(Collected data)
########################################

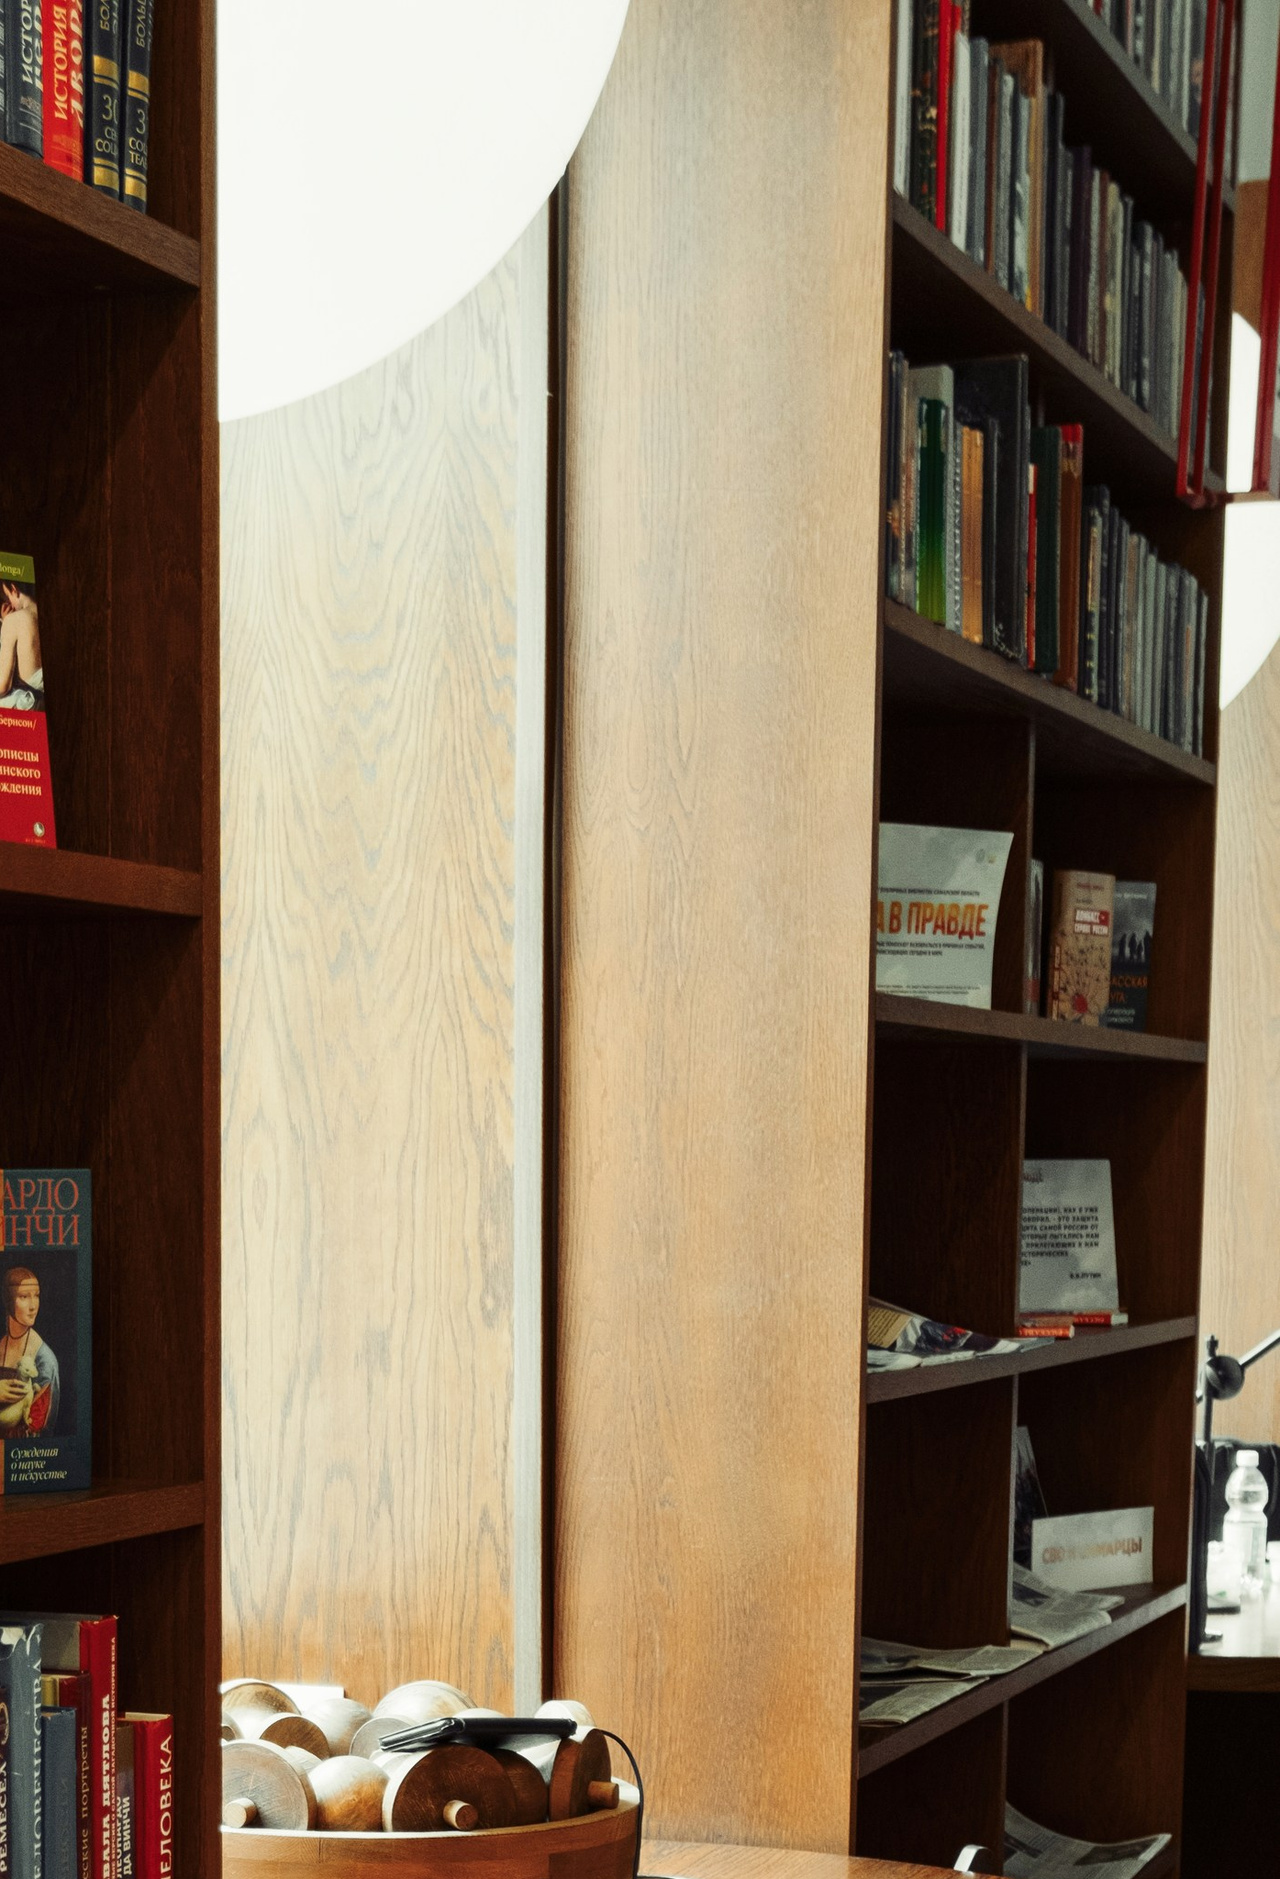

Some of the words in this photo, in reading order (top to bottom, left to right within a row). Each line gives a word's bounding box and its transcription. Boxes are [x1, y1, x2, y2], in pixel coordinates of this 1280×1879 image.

[53, 5, 68, 120] ИСТОРИЯ
[888, 901, 903, 937] В
[907, 903, 989, 941] ПРАВДЕ
[10, 1445, 59, 1461] Суждения
[18, 1460, 47, 1473] науке
[19, 1470, 68, 1484] искусстве
[78, 1725, 91, 1819] портреты
[101, 1694, 111, 1807] ДЯТЛОВА
[0, 1761, 9, 1873] РЕМЕСЕЛ
[122, 1796, 132, 1850] ВИНЧИ
[122, 1853, 133, 1876] ДА
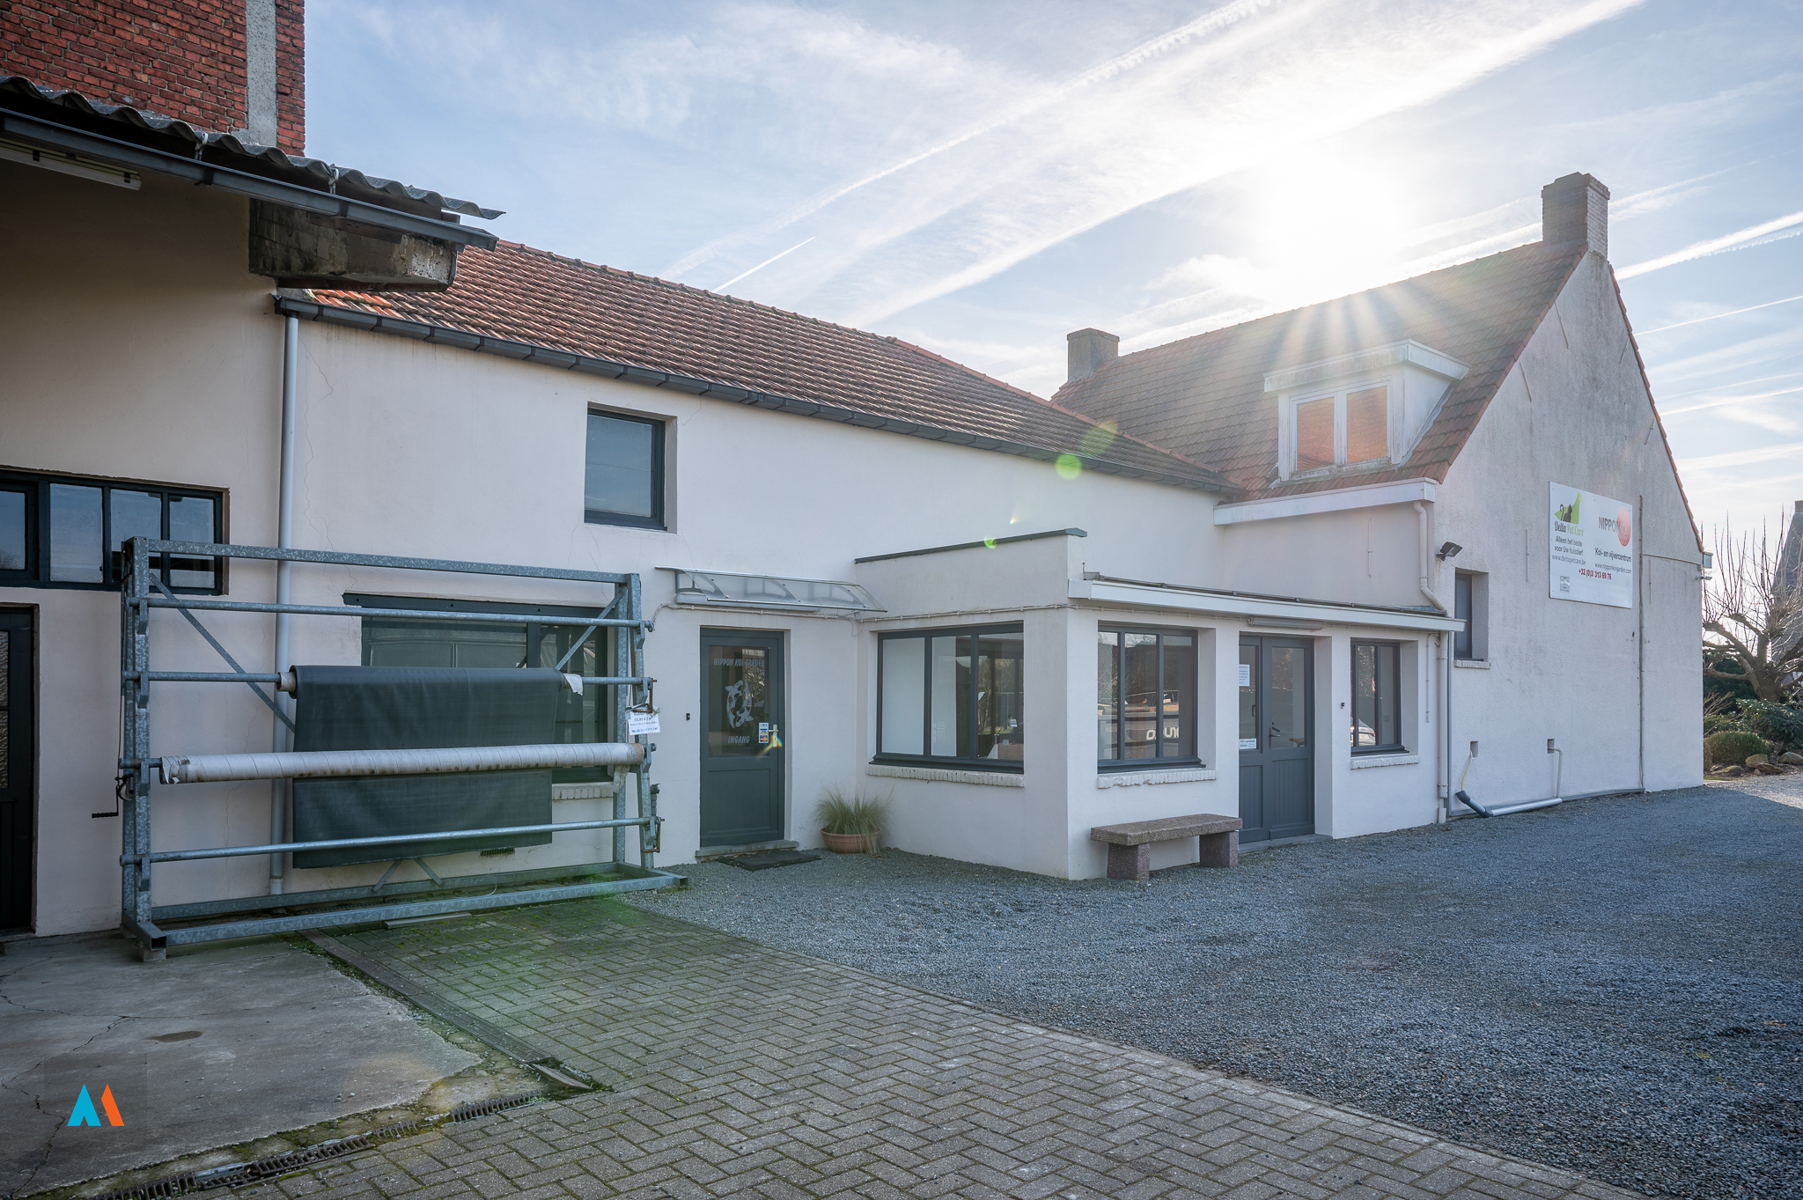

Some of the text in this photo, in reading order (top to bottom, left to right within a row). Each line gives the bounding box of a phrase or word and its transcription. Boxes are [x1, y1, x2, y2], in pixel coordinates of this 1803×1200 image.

########################################

▶ What you are asked to do
Restate the data above word for word. Skip every picture.

▶ Solution to this task
Some of the words in this photo, in reading order (top to bottom, left to right within a row). Each line gives a word's bounding box and its transcription. Boxes are [x1, y1, x2, y2], in pixel coordinates of this 1280×1879 image.

[53, 5, 68, 120] ИСТОРИЯ
[888, 901, 903, 937] В
[907, 903, 989, 941] ПРАВДЕ
[10, 1445, 59, 1461] Суждения
[18, 1460, 47, 1473] науке
[19, 1470, 68, 1484] искусстве
[78, 1725, 91, 1819] портреты
[101, 1694, 111, 1807] ДЯТЛОВА
[0, 1761, 9, 1873] РЕМЕСЕЛ
[122, 1796, 132, 1850] ВИНЧИ
[122, 1853, 133, 1876] ДА

Some of the text in this photo, in reading order (top to bottom, left to right within a row). Each line gives the bounding box of a phrase or word and its transcription. Boxes are [x1, y1, x2, y2], in pixel coordinates of this 1803×1200 image.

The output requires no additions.